Aim of the task →
Could you return all of the records exactly, minus their images?
══ Extracted records ══
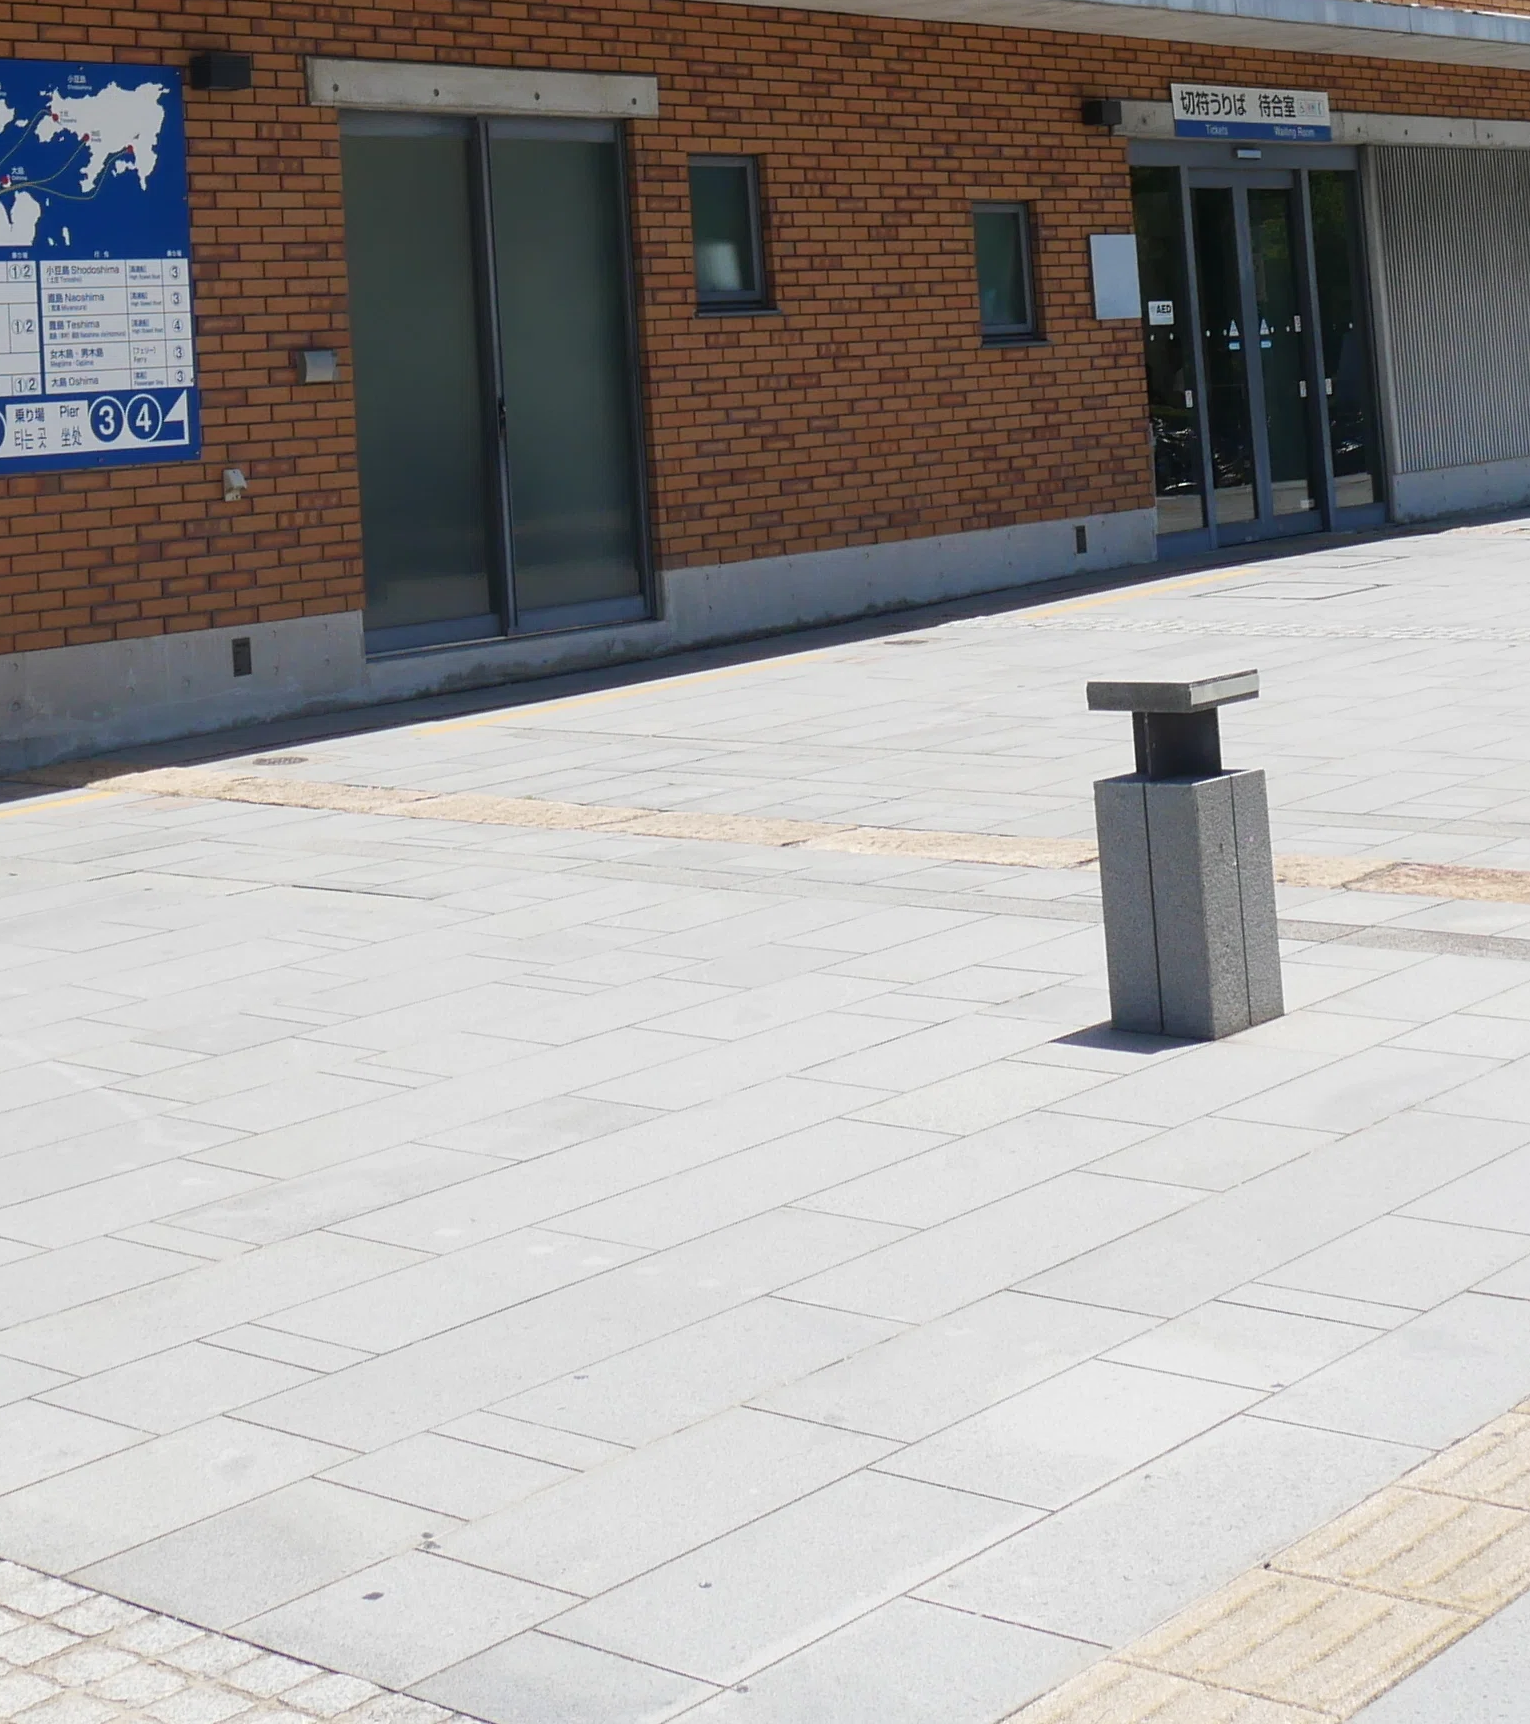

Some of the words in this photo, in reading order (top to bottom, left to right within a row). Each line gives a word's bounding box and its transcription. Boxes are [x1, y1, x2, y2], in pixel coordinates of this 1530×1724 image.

[1180, 89, 1247, 116] 切符うりば
[1258, 93, 1297, 118] 待合室
[1205, 123, 1229, 136] Tickets
[71, 265, 120, 275] Shodoshima
[64, 292, 105, 302] Naoshima
[1156, 304, 1172, 314] AED
[66, 319, 100, 329] Teshima
[51, 376, 67, 387] 大島
[68, 376, 99, 386] Oshima
[14, 407, 45, 423] 乗り場
[59, 404, 80, 418] Pier
═══
Exercise solution →
Some of the words in this photo, in reading order (top to bottom, left to right within a row). Each line gives a word's bounding box and its transcription. Boxes are [x1, y1, x2, y2], in pixel coordinates of this 1530×1724 image.

[1180, 89, 1247, 116] 切符うりば
[1258, 93, 1297, 118] 待合室
[1205, 123, 1229, 136] Tickets
[71, 265, 120, 275] Shodoshima
[64, 292, 105, 302] Naoshima
[1156, 304, 1172, 314] AED
[66, 319, 100, 329] Teshima
[51, 376, 67, 387] 大島
[68, 376, 99, 386] Oshima
[14, 407, 45, 423] 乗り場
[59, 404, 80, 418] Pier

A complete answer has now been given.